DNA microarrays represent a high throughput format for the application of nucleic acid probes by reverse hybridization and, therefore, provide a powerful tool for the parallel detection of microorganisms. However, their application in molecular ecology is still hampered by different methodological limitations. In this study, various parameters affecting a surface-mediated hybridization were systematically evaluated with a model system composed of 6 bacterial strains and 20 oligonucleotide probes targeting the 16S rRNA. With adequate hybridization conditions, false-positive signals could be almost completely prevented resulting in clear data interpretation.
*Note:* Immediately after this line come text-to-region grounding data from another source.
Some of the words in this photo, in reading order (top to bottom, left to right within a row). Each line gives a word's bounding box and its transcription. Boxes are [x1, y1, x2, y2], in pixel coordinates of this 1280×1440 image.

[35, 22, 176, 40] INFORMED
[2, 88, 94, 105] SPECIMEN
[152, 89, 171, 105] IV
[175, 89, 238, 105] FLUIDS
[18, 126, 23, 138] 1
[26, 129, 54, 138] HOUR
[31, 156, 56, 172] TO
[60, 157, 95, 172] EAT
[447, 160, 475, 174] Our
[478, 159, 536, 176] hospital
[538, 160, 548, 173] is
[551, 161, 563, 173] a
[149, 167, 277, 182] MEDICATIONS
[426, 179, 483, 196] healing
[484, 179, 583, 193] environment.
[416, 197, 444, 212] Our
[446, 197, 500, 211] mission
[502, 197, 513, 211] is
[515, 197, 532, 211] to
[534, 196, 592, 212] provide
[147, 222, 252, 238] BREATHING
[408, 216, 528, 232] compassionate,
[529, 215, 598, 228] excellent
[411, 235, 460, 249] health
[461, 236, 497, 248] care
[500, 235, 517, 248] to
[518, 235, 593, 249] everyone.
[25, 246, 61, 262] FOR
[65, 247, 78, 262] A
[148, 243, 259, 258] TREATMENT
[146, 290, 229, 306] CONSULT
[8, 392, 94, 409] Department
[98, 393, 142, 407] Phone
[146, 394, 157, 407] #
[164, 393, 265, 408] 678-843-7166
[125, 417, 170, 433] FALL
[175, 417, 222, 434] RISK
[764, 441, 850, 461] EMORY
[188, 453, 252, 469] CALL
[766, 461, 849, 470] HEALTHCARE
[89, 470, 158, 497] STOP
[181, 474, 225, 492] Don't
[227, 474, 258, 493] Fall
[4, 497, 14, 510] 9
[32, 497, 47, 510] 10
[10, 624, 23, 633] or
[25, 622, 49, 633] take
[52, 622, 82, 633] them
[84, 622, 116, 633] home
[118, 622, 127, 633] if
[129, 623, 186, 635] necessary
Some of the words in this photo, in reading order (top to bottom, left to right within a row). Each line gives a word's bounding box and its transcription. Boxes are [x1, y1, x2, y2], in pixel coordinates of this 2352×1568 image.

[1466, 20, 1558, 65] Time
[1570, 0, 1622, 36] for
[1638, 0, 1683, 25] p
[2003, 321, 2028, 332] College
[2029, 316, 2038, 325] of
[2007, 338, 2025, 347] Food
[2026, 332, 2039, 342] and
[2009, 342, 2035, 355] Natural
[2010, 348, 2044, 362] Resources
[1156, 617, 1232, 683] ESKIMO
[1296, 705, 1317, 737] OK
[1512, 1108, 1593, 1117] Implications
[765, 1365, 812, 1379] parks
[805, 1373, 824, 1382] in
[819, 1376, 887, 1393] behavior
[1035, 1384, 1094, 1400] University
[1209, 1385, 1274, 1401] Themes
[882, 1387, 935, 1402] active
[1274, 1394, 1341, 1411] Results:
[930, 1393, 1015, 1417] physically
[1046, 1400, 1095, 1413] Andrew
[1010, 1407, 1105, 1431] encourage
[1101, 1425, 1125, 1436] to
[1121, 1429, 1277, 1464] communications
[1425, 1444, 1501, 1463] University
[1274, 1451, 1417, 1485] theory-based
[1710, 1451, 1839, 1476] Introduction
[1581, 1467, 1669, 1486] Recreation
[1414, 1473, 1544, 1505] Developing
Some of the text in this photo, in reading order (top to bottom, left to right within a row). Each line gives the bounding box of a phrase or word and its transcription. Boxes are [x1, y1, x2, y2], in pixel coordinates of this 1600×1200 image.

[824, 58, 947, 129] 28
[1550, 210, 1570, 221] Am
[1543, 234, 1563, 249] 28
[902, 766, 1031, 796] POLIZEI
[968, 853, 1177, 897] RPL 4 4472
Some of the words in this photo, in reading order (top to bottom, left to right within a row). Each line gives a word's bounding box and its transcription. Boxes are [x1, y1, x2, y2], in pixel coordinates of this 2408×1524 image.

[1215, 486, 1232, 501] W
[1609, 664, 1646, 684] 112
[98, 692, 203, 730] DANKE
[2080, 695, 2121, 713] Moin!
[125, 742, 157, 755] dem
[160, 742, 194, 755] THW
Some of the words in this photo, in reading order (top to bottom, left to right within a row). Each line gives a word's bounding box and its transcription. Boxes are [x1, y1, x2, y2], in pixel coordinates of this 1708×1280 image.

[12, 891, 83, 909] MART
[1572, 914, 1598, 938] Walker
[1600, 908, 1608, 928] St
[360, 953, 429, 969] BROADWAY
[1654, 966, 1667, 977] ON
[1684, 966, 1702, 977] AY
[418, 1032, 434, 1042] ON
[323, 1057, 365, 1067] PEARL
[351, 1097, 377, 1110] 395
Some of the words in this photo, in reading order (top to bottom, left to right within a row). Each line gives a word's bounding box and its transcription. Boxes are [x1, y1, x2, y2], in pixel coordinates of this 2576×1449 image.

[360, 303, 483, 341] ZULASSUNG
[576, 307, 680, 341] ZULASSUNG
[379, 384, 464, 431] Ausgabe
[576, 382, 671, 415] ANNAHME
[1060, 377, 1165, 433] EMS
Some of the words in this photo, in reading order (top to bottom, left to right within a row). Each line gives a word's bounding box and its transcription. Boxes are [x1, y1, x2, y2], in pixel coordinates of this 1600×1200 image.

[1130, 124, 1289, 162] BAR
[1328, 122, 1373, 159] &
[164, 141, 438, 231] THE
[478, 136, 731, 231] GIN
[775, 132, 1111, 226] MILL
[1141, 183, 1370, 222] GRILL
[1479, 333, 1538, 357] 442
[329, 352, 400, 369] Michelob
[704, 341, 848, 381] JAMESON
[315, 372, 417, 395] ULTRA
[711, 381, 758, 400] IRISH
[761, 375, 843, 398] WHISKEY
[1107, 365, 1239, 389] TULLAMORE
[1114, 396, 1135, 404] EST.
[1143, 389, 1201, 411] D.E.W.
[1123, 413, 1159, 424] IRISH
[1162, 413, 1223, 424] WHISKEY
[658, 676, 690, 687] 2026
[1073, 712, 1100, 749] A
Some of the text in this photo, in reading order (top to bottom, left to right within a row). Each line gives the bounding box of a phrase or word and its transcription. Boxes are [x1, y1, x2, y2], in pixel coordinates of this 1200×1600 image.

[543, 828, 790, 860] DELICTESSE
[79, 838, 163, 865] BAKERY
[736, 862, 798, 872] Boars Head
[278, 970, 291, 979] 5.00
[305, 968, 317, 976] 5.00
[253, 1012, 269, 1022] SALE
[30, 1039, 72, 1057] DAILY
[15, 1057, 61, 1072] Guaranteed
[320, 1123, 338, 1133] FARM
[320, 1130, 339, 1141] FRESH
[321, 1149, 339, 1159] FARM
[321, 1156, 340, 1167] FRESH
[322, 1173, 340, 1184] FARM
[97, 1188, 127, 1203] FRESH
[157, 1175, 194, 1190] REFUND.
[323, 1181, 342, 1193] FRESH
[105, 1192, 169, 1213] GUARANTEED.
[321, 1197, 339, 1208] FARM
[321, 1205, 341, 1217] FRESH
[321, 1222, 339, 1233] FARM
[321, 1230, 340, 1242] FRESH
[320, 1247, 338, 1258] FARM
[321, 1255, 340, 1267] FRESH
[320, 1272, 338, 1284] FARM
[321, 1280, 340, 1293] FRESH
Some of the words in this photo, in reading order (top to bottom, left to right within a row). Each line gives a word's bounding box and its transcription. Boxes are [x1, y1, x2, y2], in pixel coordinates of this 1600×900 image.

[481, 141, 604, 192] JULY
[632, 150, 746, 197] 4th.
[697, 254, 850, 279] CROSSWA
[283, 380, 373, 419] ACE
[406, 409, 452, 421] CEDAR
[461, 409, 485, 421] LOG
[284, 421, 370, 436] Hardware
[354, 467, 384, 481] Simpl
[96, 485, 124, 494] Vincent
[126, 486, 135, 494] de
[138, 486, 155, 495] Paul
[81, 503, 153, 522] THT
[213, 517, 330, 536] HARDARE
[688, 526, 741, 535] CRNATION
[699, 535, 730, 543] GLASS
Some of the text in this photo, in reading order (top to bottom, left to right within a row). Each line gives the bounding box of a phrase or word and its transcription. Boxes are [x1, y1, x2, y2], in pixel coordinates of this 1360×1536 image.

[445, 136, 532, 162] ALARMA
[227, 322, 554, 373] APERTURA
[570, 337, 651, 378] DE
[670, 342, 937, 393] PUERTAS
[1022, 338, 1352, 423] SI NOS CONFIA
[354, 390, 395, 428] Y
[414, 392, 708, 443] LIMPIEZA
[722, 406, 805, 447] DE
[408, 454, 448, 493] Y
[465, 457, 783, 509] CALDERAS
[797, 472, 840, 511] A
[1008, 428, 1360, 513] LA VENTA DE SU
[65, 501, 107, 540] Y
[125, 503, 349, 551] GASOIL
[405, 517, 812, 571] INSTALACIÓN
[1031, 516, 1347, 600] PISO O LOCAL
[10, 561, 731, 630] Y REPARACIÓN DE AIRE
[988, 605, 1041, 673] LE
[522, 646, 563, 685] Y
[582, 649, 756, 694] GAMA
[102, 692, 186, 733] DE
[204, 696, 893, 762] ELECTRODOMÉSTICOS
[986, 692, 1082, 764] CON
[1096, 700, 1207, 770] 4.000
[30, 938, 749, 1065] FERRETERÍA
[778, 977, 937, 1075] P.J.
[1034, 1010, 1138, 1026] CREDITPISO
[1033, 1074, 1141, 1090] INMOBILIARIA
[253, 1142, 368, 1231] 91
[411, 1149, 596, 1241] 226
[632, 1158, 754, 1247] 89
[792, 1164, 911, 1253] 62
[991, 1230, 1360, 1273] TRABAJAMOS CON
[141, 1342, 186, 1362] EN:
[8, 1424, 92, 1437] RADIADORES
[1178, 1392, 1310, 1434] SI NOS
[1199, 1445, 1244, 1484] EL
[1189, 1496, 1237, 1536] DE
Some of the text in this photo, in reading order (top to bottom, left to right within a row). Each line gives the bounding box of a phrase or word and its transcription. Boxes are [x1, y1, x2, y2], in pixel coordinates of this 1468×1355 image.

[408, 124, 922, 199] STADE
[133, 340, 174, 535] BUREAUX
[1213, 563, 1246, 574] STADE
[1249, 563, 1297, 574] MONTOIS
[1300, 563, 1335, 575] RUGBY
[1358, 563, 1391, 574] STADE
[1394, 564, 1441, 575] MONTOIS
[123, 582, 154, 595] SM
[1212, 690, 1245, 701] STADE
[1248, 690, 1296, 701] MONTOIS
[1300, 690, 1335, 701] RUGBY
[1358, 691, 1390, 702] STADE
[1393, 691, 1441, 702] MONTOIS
For microarray analysis of mixed microbial communities, a straightforward protocol for direct chemical labeling of extracted rRNA was established to avoid potential PCR-biases. In samples of different complexity, including an oligotrophic marine system, major bacterial populations (approx. >5%) could specifically be detected by microarray hybridization, as determined by parallel fluorescence in situ hybridization (FISH). However, quantitative FISH data suggested that current microarray analysis provides, at best, semiquantitative information on community composition. Application of phylogenetically redundant and/or nested probe sets is a prerequisite for the reliable hybridization-based detection of microorganisms. A potential reservoir of additional probe target sites is represented by the 23S rRNA. In this study, almost complete 23S rRNA gene sequences were obtained from 11 alpha-proteobacteria isolated from North Sea bacterioplankton. Comparative sequence analysis revealed consistent tree topologies for the alpha-proteobacteria based on their 16S and 23S rRNA genes. The suitability of both markers for the design of specific oligonucleotide probes was systematically evaluated in silico. The overall number of phylogenetic redundant probes available could significantly be increased by also targeting the 23S rRNA.